Research into Web & Social media archiving

FOI request reference: F0060376
Publication date: January 2020




Request & response 

1. What is the scope of this archiving – i.e. typically how many websites / how many pages of each website is archived?
We now operate two web archive services: the UK Government Web Archive and the EU Exit Web Archive.

The UK Government Web Archive (UKGWA) operates a domain scope model, meaning that each time we archive a UK government website we aim to capture it in its entirety. We archive approximately 800 websites on schedules between monthly and yearly, with the average website being crawled twice a year, as well as regular captures of several hundred social media accounts.

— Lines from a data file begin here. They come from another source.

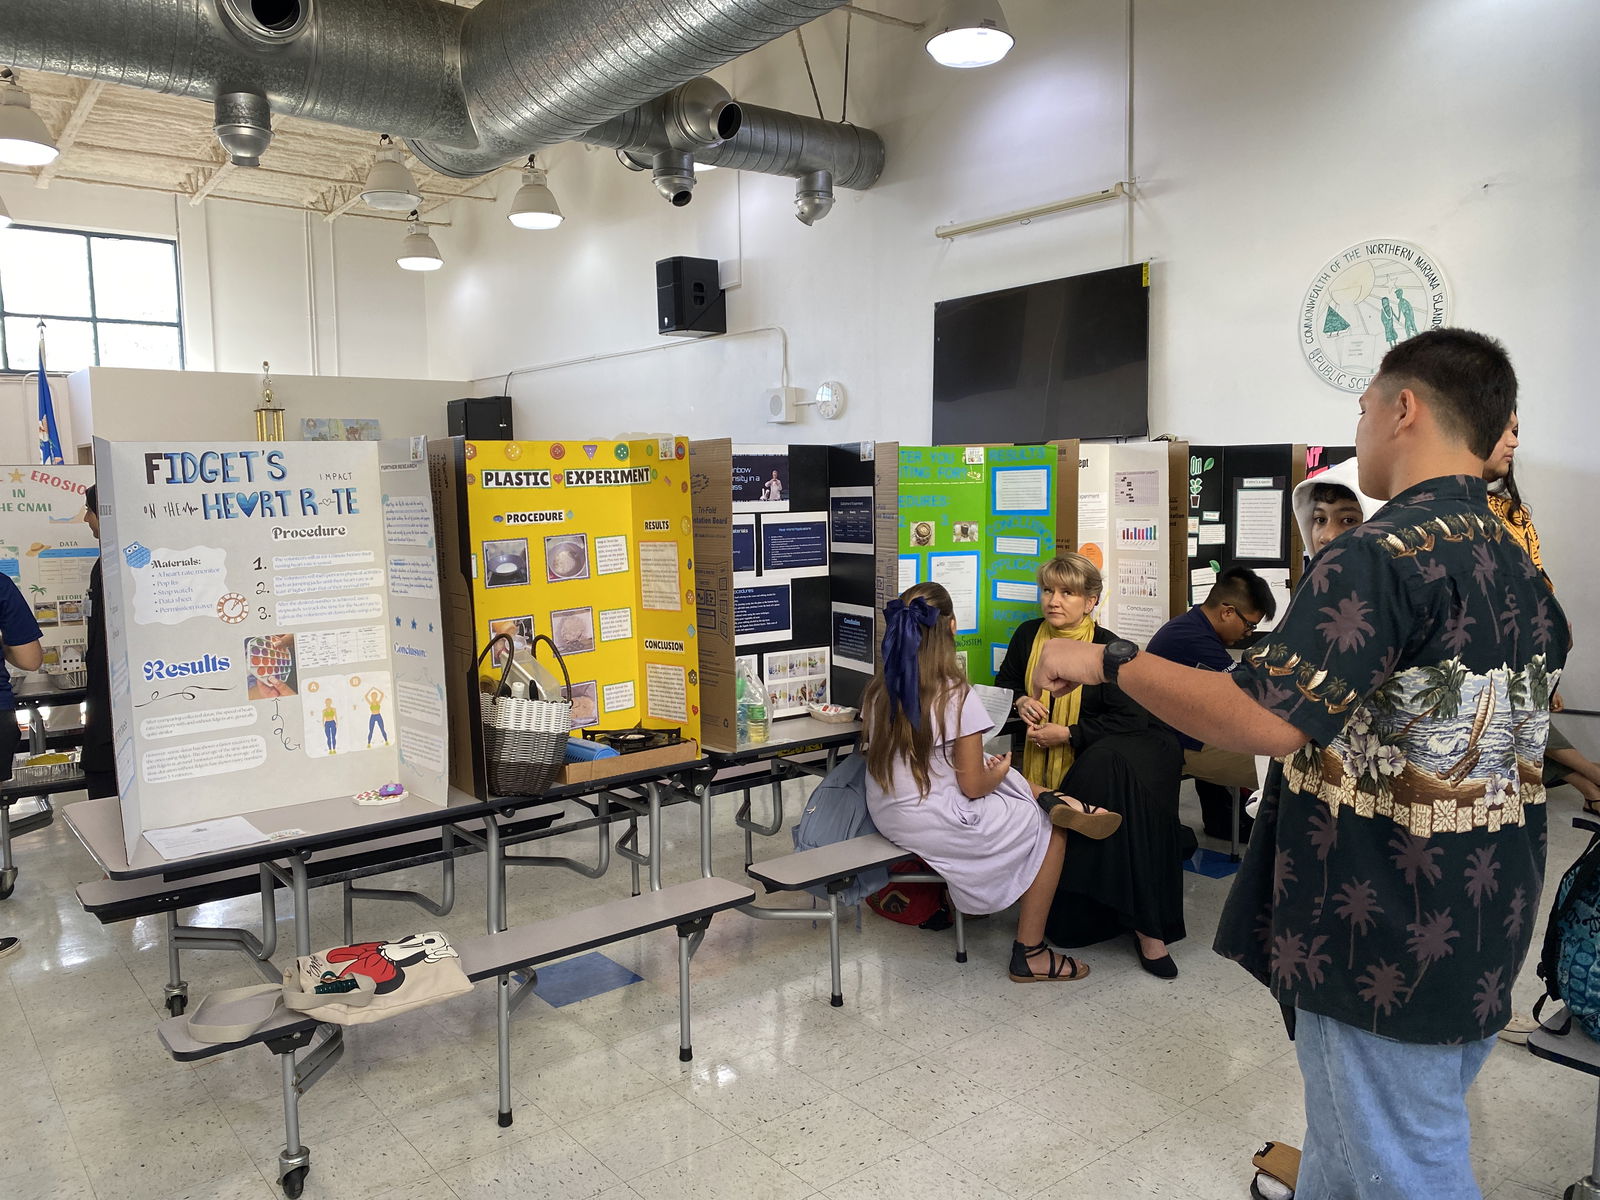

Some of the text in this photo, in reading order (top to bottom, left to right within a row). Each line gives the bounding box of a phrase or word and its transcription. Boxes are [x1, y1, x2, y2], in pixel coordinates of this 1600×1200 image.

[1304, 272, 1331, 345] COMMONWEALTH
[1330, 260, 1342, 273] OF
[1343, 248, 1361, 264] THE
[1365, 243, 1415, 262] NORTHERN
[1414, 256, 1441, 291] MARIANA
[1313, 355, 1347, 386] PUBLIC
[144, 449, 287, 485] FIDGET'S
[484, 467, 650, 486] PLASTIC EXPERIMENT
[12, 489, 26, 498] IN
[17, 503, 52, 512] CNMI
[163, 501, 182, 517] THE
[506, 511, 564, 523] PROCEDURE
[644, 520, 670, 530] RESULTS
[272, 524, 346, 539] Procedure
[151, 557, 201, 569] Materials:
[1127, 605, 1153, 613] Conclusion
[64, 637, 85, 645] AFTER
[644, 640, 684, 651] CONCLUSION
[143, 654, 231, 681] Results

Additional information can be found in the public domain, here:

The EU Exit Web Archive, which is largely an archive of a single, complex website, and is captured through a data-driven approach and limited as described on that page. Content is archived by seeding specific URLs to a crawler, rather than using conventional crawling. Public access and search services are also provided to the archived content.

2. What is the cost of this archiving per annum?
Between 1 January 2019 and 31 December 2019, the cost was £480,411 for the UK Government Web Archive and £283,630 for building, developing and hosting the EU Exit Web Archive.

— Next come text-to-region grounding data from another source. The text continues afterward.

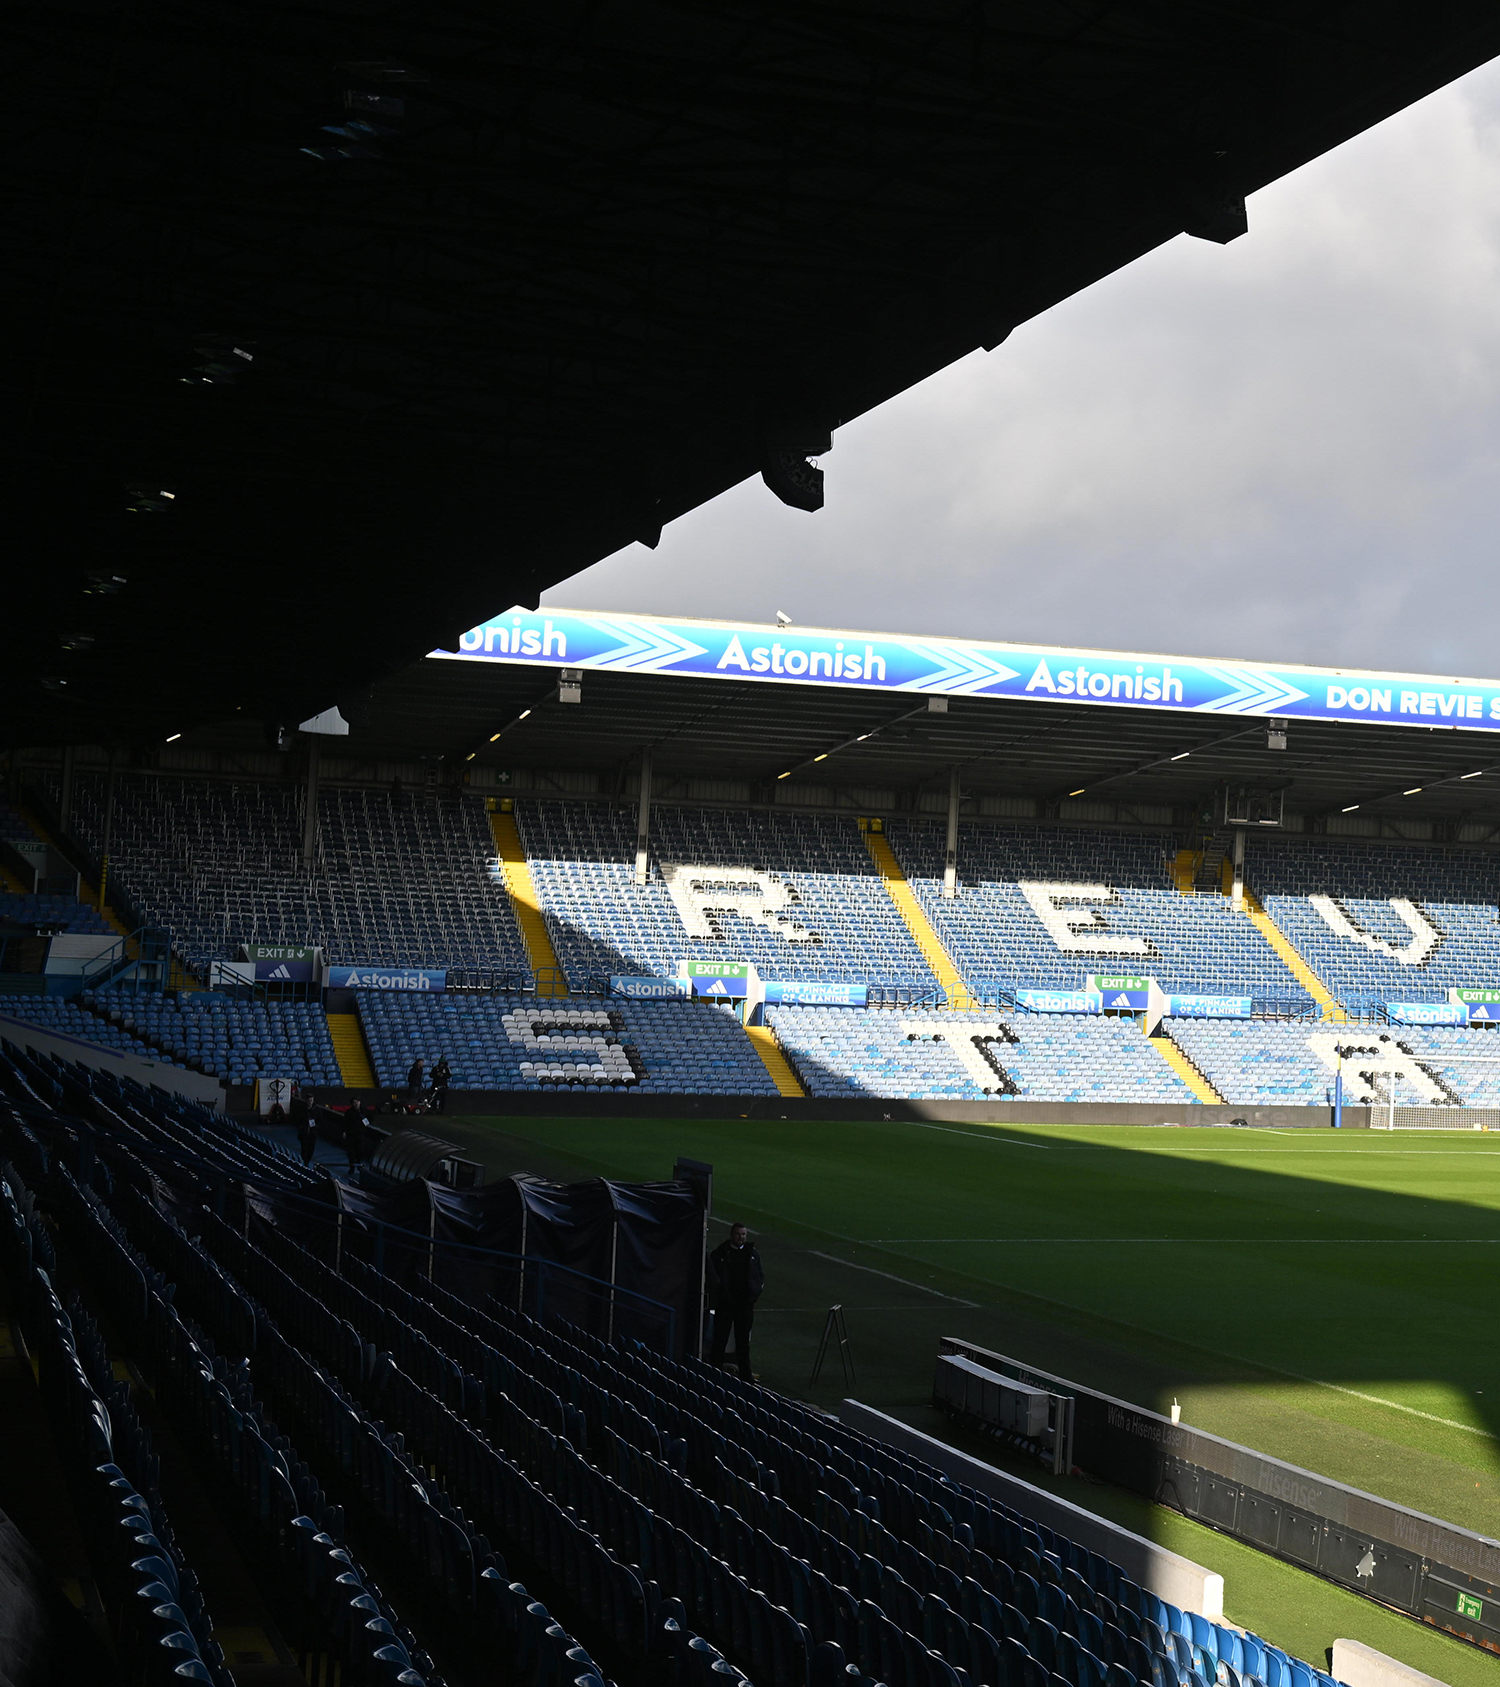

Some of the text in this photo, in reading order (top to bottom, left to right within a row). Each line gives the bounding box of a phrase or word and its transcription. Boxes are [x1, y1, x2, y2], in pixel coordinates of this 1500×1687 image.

[459, 617, 567, 657] onish
[717, 633, 886, 682] Astonish
[1024, 657, 1183, 702] Astonish
[1326, 685, 1394, 713] DON
[1399, 690, 1483, 719] REVIE
[17, 843, 38, 851] EXIT
[257, 948, 285, 959] EXIT
[696, 964, 721, 975] EXIT
[345, 970, 430, 989] Astonish
[615, 979, 685, 997] Astonish
[1102, 979, 1125, 989] EXIT
[782, 984, 850, 995] THE PINNACLE
[1463, 992, 1484, 1001] EXIT
[781, 994, 849, 1003] OF CLEANING
[1023, 992, 1095, 1011] Astonish
[1180, 998, 1242, 1007] THE PINNACLE
[1179, 1006, 1241, 1015] OF CLEANING
[1395, 1006, 1461, 1023] Astonish
[1107, 1405, 1198, 1450] With a Hisense Laser TV
[1258, 1462, 1315, 1507] Hisense
[1394, 1515, 1418, 1545] With
[1432, 1530, 1477, 1568] Hisense

3. What is the primary driver for the National Archive to do this?
For the UKGWA, under the Public Records Act, The National Archives is responsible for those records of central government departments that have be selected for permanent preservation as public records. The websites of central government departments have been selected for permanent preservation as public records. Please see the ‘Operational selection policy for the UK central Government Web Estate’ for more information:

For the EU Exit Web Archive, the duty authority is provided under Schedule 5 of the European Union (Withdrawal) Act 2018:

The Keeper and Chief Executive of The National Archives is the Queen’s Printer.